Racism and Social Reform

The United States has a long history of white supremacy. This phenomenon has played itself out in the courts, the workplaces and the streets of this country. It is both supported by and is an integral part of the nation’s economic and legal system. The features of this supremacist history include barbaric acts like lynchings and vicious attacks on individual Black residents by vigilantes like the Ku Klux Klan. It also exists in the way police departments are constructed and police are trained; the manner in which mortgages are arranged and even how living spaces are rented and sold. Most tellingly—at least as a means of illustrating just how deeply this system of white supremacy is ingrained in the psyche of our nation—it rears its ugly head frequently in US social movements ostensibly designed to make the country a more progressive place.

It is this latter case that is the subject of a recently-republished text by Robert L. Allen and Chude Pamela Allen titled Reluctant Reformers: Racism and Social Reform Movements in the United States. Originally published in 1974, this new edition features a forward by Jamelle Bouie and a 1983 postscript which addressed the social movements of the 1960s and early 1970s. Even though there is nothing on the last forty years of US social reform movements, the text remains a useful, even essential history of the movements it does discuss.

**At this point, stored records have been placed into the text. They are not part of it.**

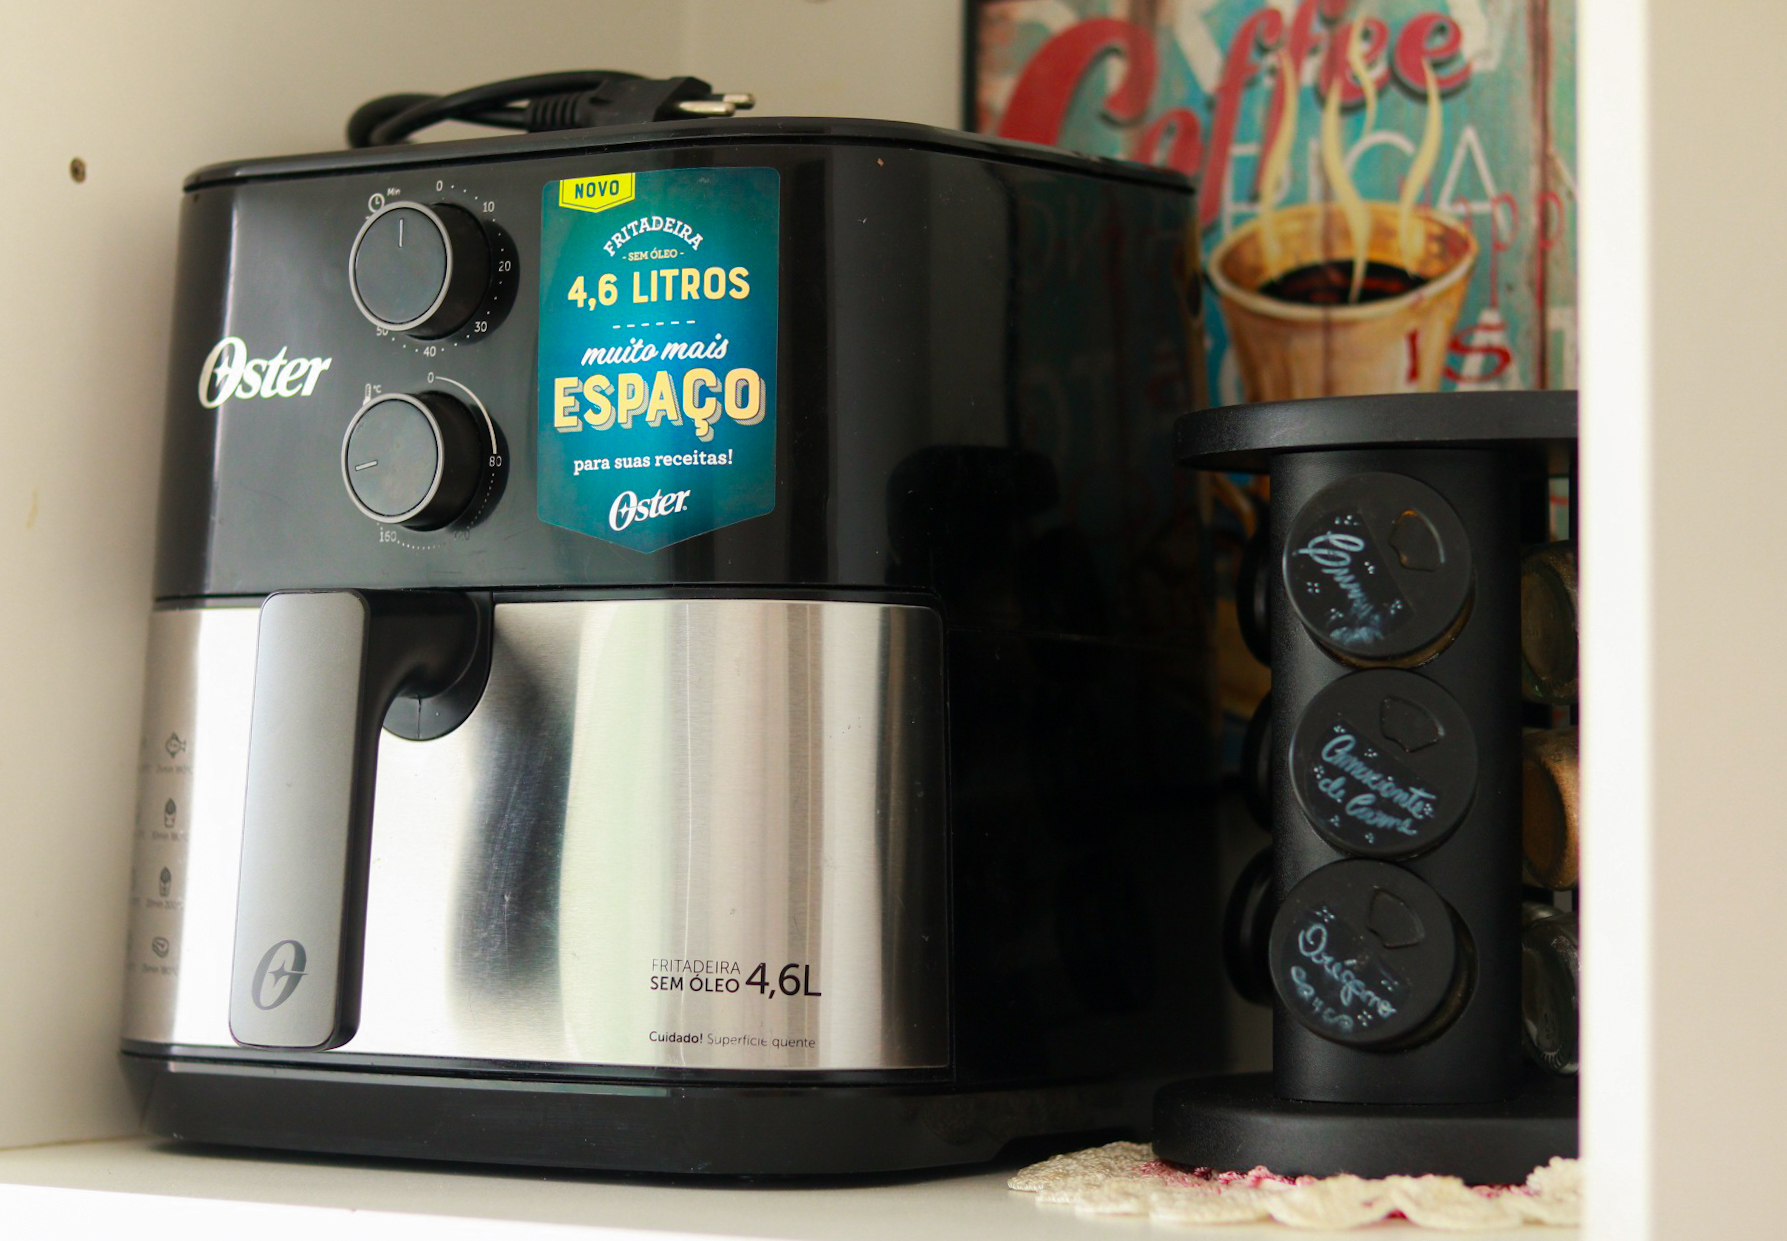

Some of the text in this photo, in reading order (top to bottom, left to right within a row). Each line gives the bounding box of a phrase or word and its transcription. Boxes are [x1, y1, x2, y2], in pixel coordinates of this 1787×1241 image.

[436, 180, 443, 192] 0
[575, 180, 620, 199] NOVO
[482, 201, 495, 213] 10
[603, 216, 704, 257] FRITADEIRA
[628, 247, 678, 262] SEM ÓLEO
[498, 260, 511, 272] 20
[567, 266, 750, 311] 4,6 LITROS
[474, 321, 487, 333] 30
[423, 346, 436, 357] 40
[580, 333, 729, 366] muito mais
[198, 336, 333, 409] Oster
[427, 372, 435, 383] 0
[554, 367, 766, 443] ESPAÇO
[488, 456, 502, 467] 80
[573, 449, 734, 476] para suas receitas!
[652, 958, 741, 975] FRITADEIRA
[650, 962, 822, 999] SEM ÓLEO 4,6L
[649, 1031, 703, 1044] Cuidado!
[772, 1036, 816, 1049] quente

Reluctant Reformers is a rewrite of the history of US social reform movements. Beginning with an examination of the movement to abolish slavery and the moral outrage which fueled it, the text informs the reader that many of the white abolitionists did not consider Black men and women to be their equal. For these readers and those already aware of this fact, the authors go deeper, examining various personalities in the movement—William Lloyd Garrison, Frederick Douglass and the Grimke sisters foremost among them. They look at Garrison’s high-minded morality and his disagreements with Frederick Douglass when Douglass moved beyond Garrison’s sponsorship and began publishing his own abolitionist newspaper, The North Star. This section also describes the various views of the abolitionist movement in regards to the enfranchisement of Black men and the faction of the movement wishing to repatriate freed slaves back to Africa.

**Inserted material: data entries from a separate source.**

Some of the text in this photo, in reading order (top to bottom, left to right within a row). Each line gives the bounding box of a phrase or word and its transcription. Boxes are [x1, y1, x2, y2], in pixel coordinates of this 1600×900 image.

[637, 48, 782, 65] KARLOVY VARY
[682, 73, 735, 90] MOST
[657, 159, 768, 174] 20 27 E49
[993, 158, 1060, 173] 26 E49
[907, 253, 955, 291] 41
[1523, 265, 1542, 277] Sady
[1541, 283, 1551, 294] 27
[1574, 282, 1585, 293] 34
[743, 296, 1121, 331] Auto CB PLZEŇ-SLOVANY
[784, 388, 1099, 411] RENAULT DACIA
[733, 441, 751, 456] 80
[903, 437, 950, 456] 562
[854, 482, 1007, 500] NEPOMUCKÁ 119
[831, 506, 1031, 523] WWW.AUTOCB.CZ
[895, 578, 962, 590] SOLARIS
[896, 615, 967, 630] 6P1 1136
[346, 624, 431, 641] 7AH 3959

Frederick Douglass and the question of the vote for Black men were also important to the question of women’s suffrage after the Civil War. Douglass, who was friends with two of the primary organizers of the women’s suffrage movement—Susan B. Anthony and Elizabeth Cady Stanton—found himself on the outs with the suffrage movement as it moved towards a position that not only stopped fighting for the right of suffrage for Blacks, but often used overtly white supremacist language that played on white fears of a Black-led government. This was a far cry from the position of most female women’s rights advocates before the Civil War and Reconstruction, when they proclaimed that the struggle for equal rights for women and Black people was a shared struggle. The fact that they were manipulated into separating the struggle proves not only how the political system divides the people of the United States to its benefit, but also how deeply ingrained the doctrine of white supremacy is in the psyche of white-skinned citizens.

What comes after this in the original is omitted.